Jane Remover: “JRJRJR”

On “JRJRJR,” Jane Remover captures what it feels like being part of this new generation of athesitc, asexual, sober, online, and emotionally crippled people. Jesus in the mosh pit one day, crash-out the next. The track’s wall of distortion and stream-of-consciousness raps pivot hard from Jane’s scrapped record of slick pop hits that was going to make them the “like, main pop girl.” Instead, we got a ragey rap record in Revengeseekerz, where “JRJRJR” remains the centerpiece. It’s the platonic ideal of a song for kids who just discovered concepts such as “partying” and “fun,” the stormy sound of endless, gleeful possibility. –Benny Sun

Listen: Jane Remover, “JRJRJR”


Justin Bieber Swag

Def Jam

46.

Justin Bieber: “Daisies”

Of Justin Bieber’s many hits, “Daisies” is the first that feels handmade, freed from whatever boardroom decision-making plagued the 31-year-old superstar’s past music. It’s alive and roomy and frayed around the edges, the rare radio smash whose pleasures deepen and develop with time. Written and produced with indie darlings Dijon and Mk.gee, it sounds both rigorously composed and thrillingly off the cuff, as if it were laid down in an inspired rush on a random summer night. This is the Bieber we need more of: throwing petals and all in his head, crooning horny and heartsick melodies over a virtuoso's dashed-off guitar lick. –Brady Brickner-Wood

Listen: Justin Bieber, “Daisies”


Image may contain Light

Mom+Pop

45.

underscores: “Music”

“Music” cuts to the throbbing core of these funny vibrations called sounds: It’s about pop, rock, electronic, rap, rock’n’roll, the way your body can’t resist bopping to fluttering BPMs just like desire hijacks your being.
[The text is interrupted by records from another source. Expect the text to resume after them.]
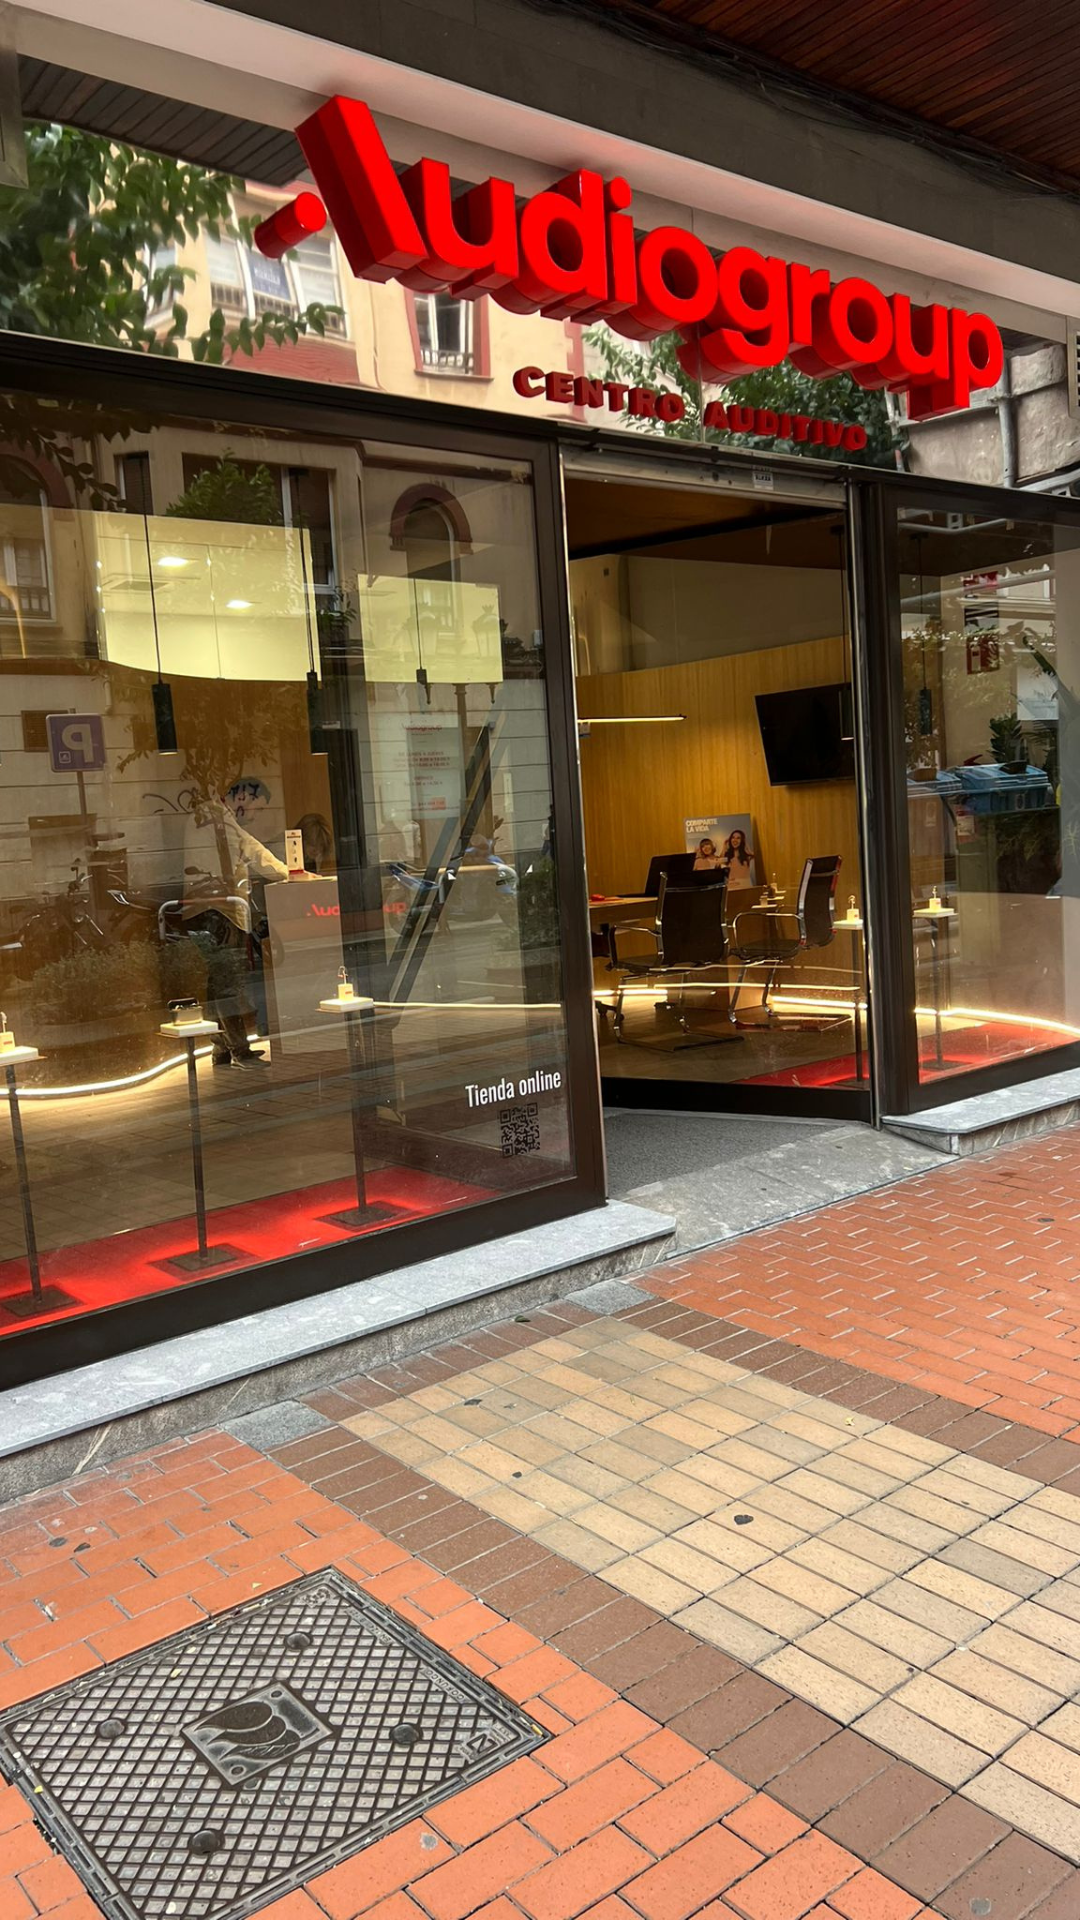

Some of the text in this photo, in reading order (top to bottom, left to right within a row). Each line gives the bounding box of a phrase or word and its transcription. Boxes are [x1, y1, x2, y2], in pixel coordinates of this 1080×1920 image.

[512, 365, 868, 452] CENTRO AUDITIVO
[686, 818, 718, 826] COMPARTE
[465, 1070, 562, 1108] Tienda online
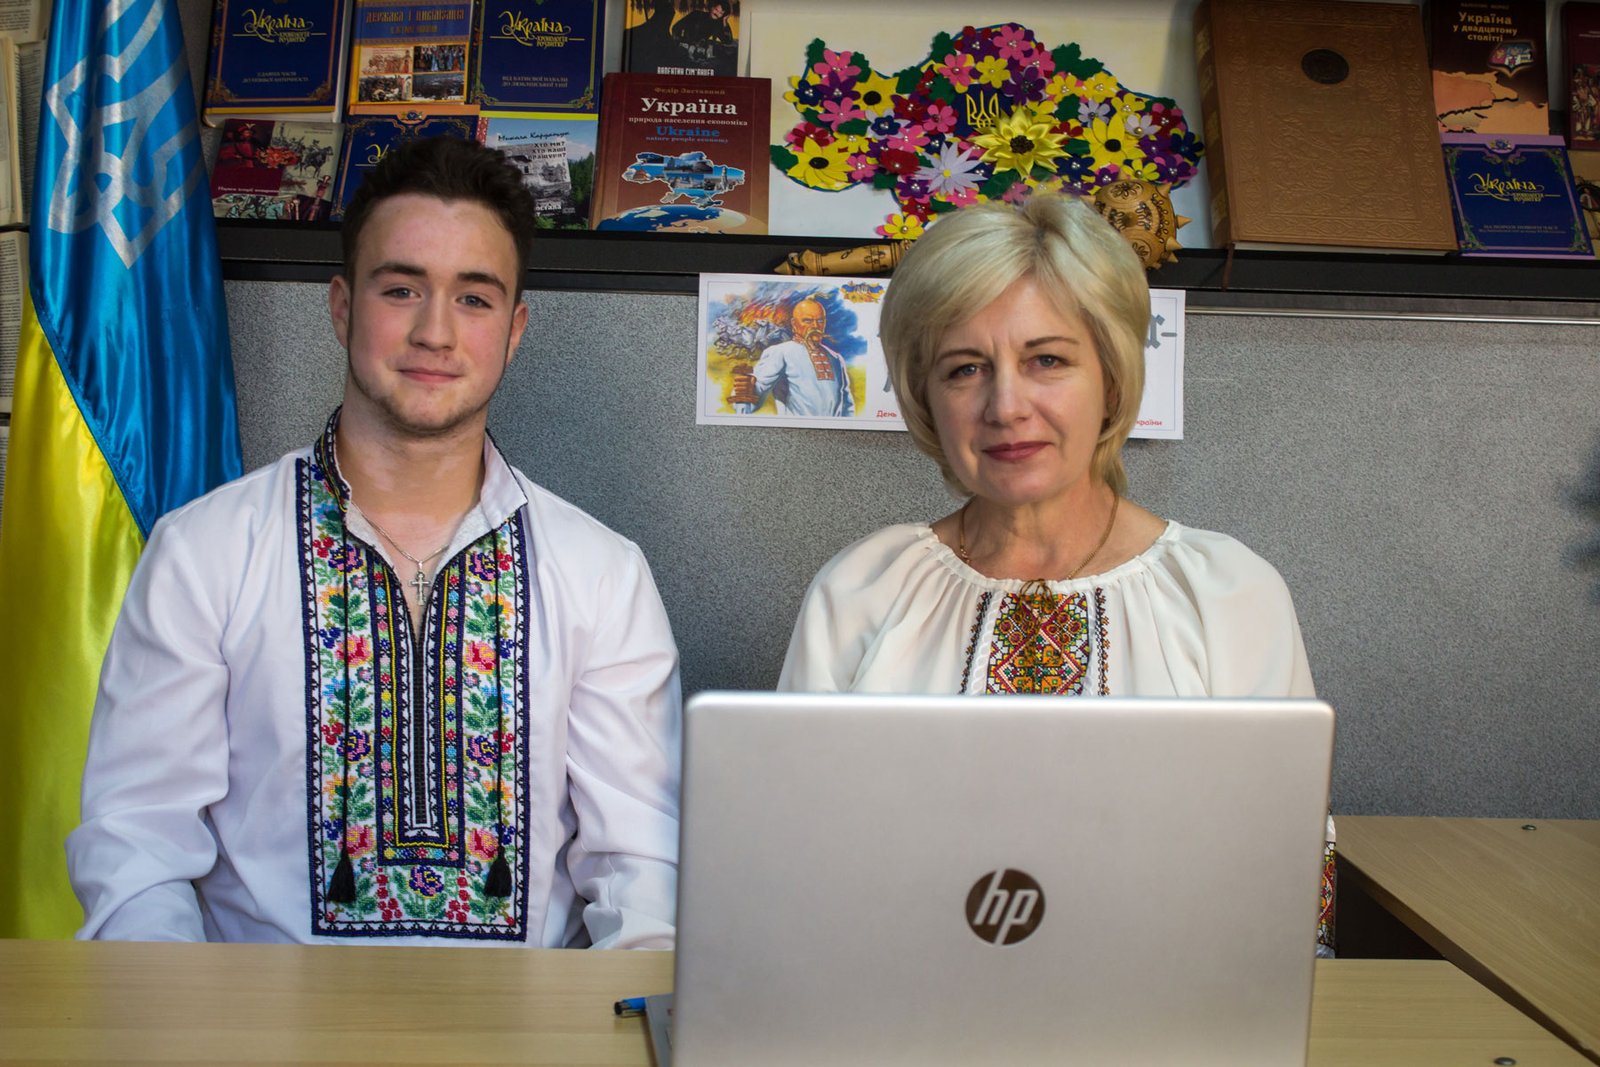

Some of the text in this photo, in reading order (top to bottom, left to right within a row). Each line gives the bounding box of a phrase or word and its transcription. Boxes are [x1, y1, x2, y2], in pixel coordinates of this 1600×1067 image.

[1458, 11, 1513, 25] Україна
[1467, 34, 1504, 42] столітті
[641, 97, 738, 117] Україна
[656, 125, 720, 137] Ukraine
[876, 410, 897, 418] День
[971, 868, 1040, 946] hp
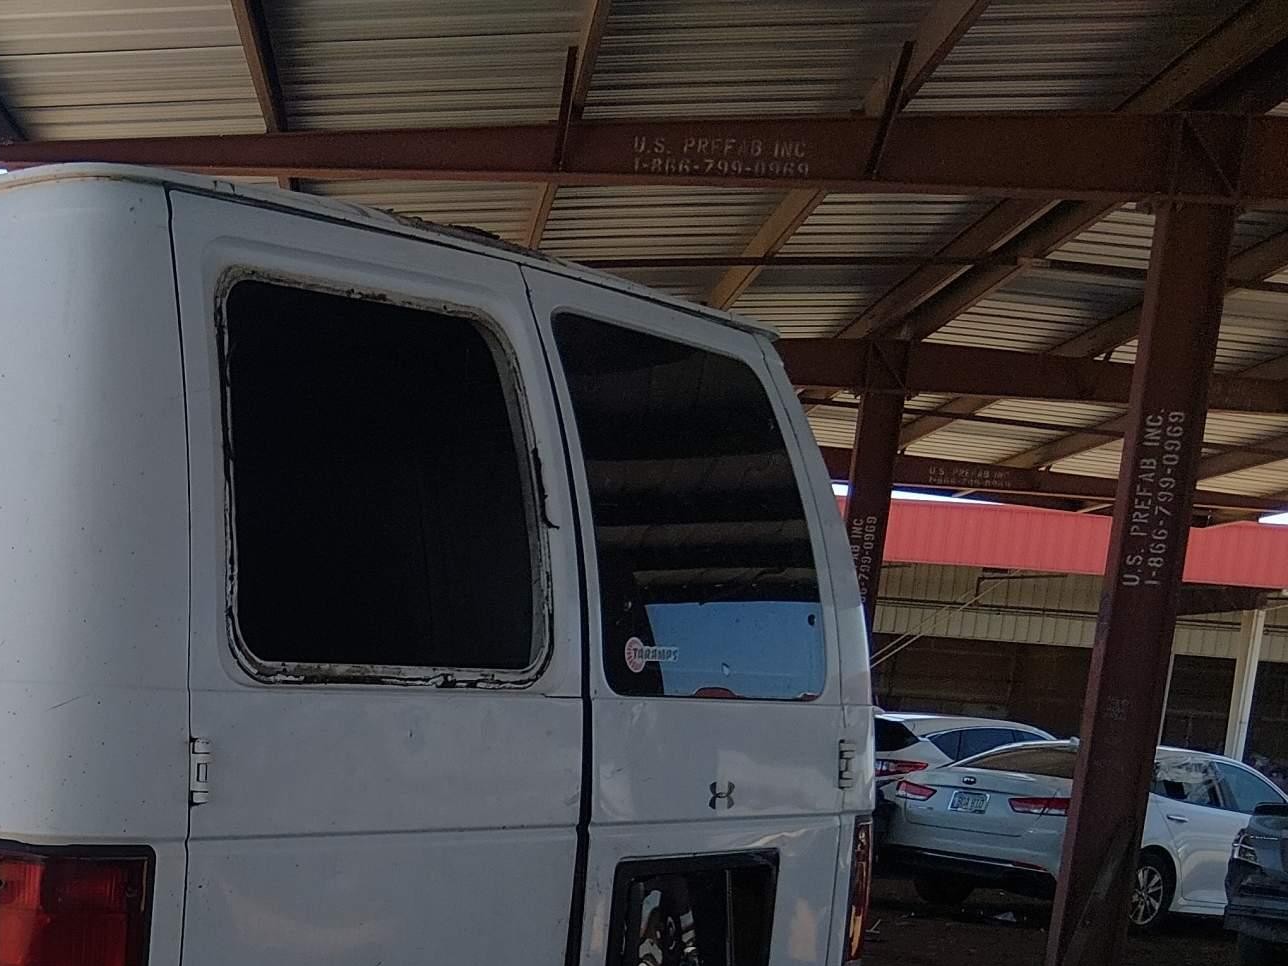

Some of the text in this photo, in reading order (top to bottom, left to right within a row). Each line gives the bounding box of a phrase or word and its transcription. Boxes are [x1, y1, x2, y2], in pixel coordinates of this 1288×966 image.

But it’s mostly about pop, and underscores’ plan to rewrite the script for a frantic new era. She’s a blushing crooner, a drop technician, and a psycho producer all rolled into one. In her deft grasp, a beat like a Theragun jackhammering into your skull lands as smoothly as a kiss. –Kieran Press-Reynolds

Listen: underscores, “Music”


Miimii KDS “S Miimii” ft. DJ Skycee

MF Music

44.

Miimii KDS: “Sé Miimii” [ft. DJ Skycee]

For all its lavish attention to human anatomy, Miimii KDS’s hyperspeed, hyper-sexed bouyon anthem “Sé Miimii” sounds like an alien dispatch from hyperspace. DJ Skycee’s dizzying production hits like a bolt of retro-future-shock, stacking whirling-dervish beats before summoning a keyboard solo that never fails to knock me out, a laser beam to the dopamine center. Fluent in the Dominican power bouyon offshoot known as nasty business, Miimii commands the enterprise with sing-speak vocals that operate on a strictly single-entendre basis, dispensing with innuendo to directly address the question on her suitor’s hips. In the year since 1T1’s “Bouwey” drew the world’s gaze to a rich, algorithm-invading seam of Afro Creole carnival music, “Sé Miimii” stands as an open invitation to the rest of the universe to join the dancefloor. –Jazz Monroe

Listen: Miimii KDS:, “Sé Miimii” [ft. DJ Skycee]


ModelActriz “Cinderella”

Dirty Hit

43.

Model/Actriz: “Cinderella”

As straight guys get gayer, gay guys are reinventing punk (again). If Paul Verhoeven designed a Brooklyn rock band, it would be Model/Actriz. “Cinderella,” the single that heralded their second album, the electro-operatic Pirouette, suggests that the most haunted house is the one you grew up in. With its Halloween-synth ostinato, the touching parable of a queer little kid who wants a princess birthday party sounds like a Trevor Project PSA set to a catwalk remix of Hitchcock’s knifing violins. As frontman Cole Haden himself deadpans, “Astonishing, utterly divine, exhilarating, preciously sublime.” –Holden Seidlitz

Listen: Model/Actriz, “Cinderella”


Image may contain Adult Person Concert and Crowd

World Music

42.

Dean Blunt / Elias Rønnenfelt: “tears on his rings and chains”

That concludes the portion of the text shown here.